(WHAT NEEDS TO BE DONE) Without including the pictures, copy each line below exactly as it reads.

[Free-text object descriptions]

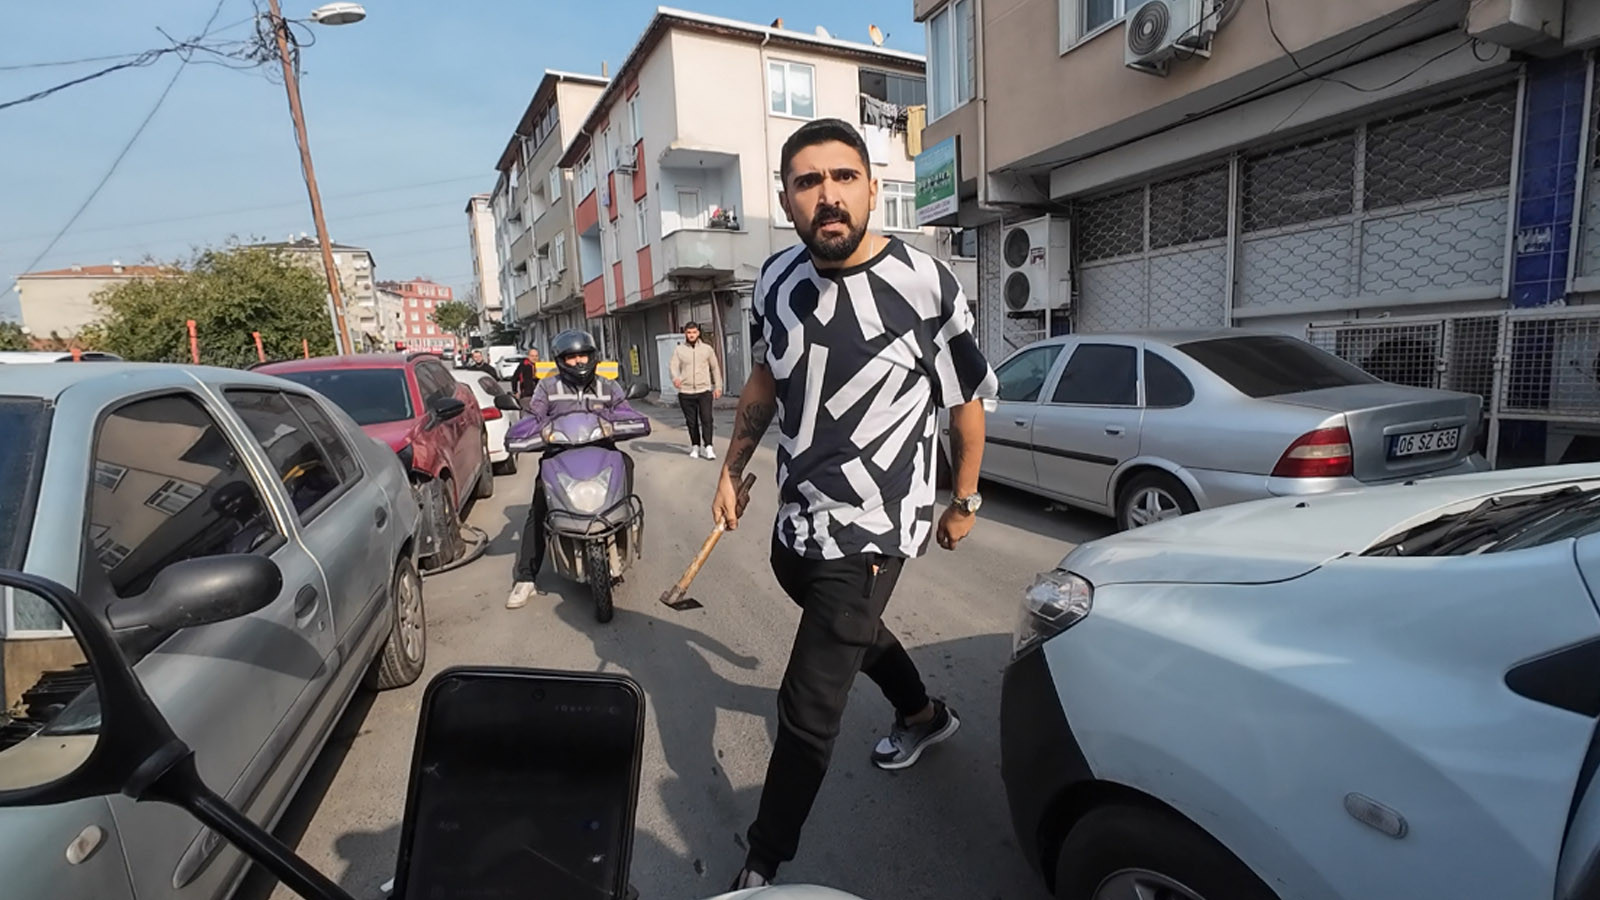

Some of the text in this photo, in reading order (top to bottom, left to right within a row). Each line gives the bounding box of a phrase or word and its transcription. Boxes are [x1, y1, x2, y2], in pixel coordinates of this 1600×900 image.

[1399, 436, 1414, 453] 06
[1418, 434, 1434, 450] SZ
[1437, 430, 1456, 448] 636
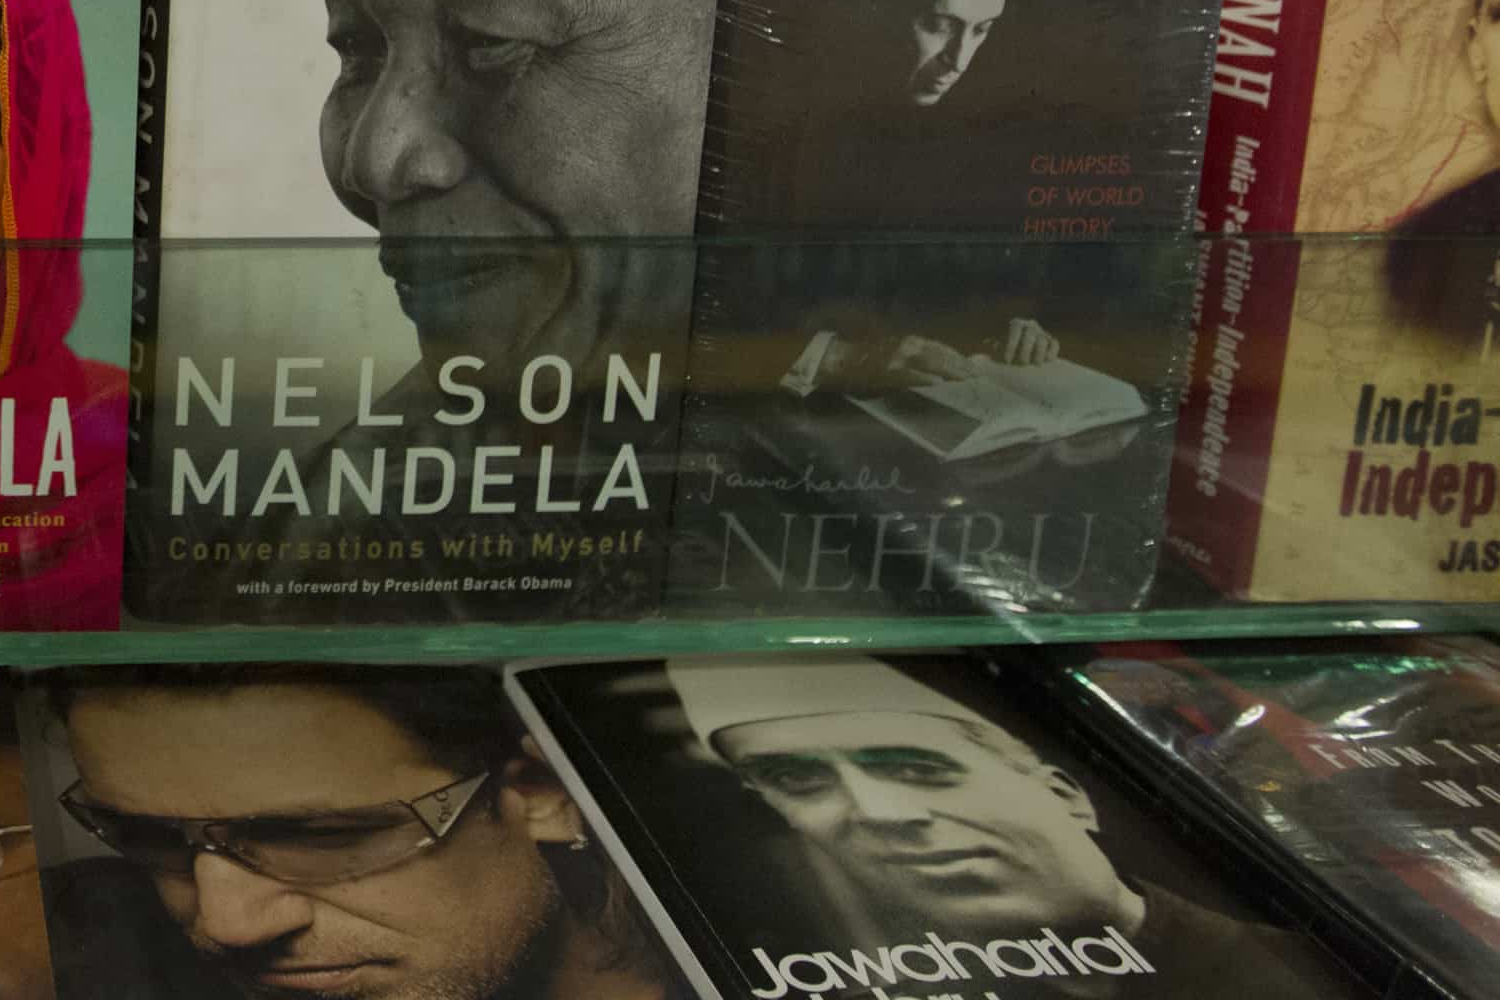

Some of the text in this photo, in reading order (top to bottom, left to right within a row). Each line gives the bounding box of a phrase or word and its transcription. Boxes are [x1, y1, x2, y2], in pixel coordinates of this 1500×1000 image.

[1030, 153, 1133, 176] GLIMPSES
[1026, 184, 1145, 208] OF WORLD
[1023, 215, 1115, 237] HISTORY
[174, 352, 661, 428] NELSON
[169, 442, 650, 517] MANDELA
[1339, 449, 1497, 528] Indep
[168, 528, 644, 562] Conversations with Myself
[707, 511, 1101, 593] NEHRU
[1438, 539, 1500, 572] JAS
[236, 575, 572, 597] with a foreword by President Barack Obama
[750, 924, 1158, 1000] Jawaharlal

(TASK RESULT)
Some of the text in this photo, in reading order (top to bottom, left to right within a row). Each line gives the bounding box of a phrase or word and its transcription. Boxes are [x1, y1, x2, y2], in pixel coordinates of this 1600×900 image.

[1399, 436, 1414, 453] 06
[1418, 434, 1434, 450] SZ
[1437, 430, 1456, 448] 636

Some of the text in this photo, in reading order (top to bottom, left to right within a row). Each line gives the bounding box of a phrase or word and its transcription. Boxes are [x1, y1, x2, y2], in pixel coordinates of this 1500×1000 image.

[1030, 153, 1133, 176] GLIMPSES
[1026, 184, 1145, 208] OF WORLD
[1023, 215, 1115, 237] HISTORY
[174, 352, 661, 428] NELSON
[169, 442, 650, 517] MANDELA
[1339, 449, 1497, 528] Indep
[168, 528, 644, 562] Conversations with Myself
[707, 511, 1101, 593] NEHRU
[1438, 539, 1500, 572] JAS
[236, 575, 572, 597] with a foreword by President Barack Obama
[750, 924, 1158, 1000] Jawaharlal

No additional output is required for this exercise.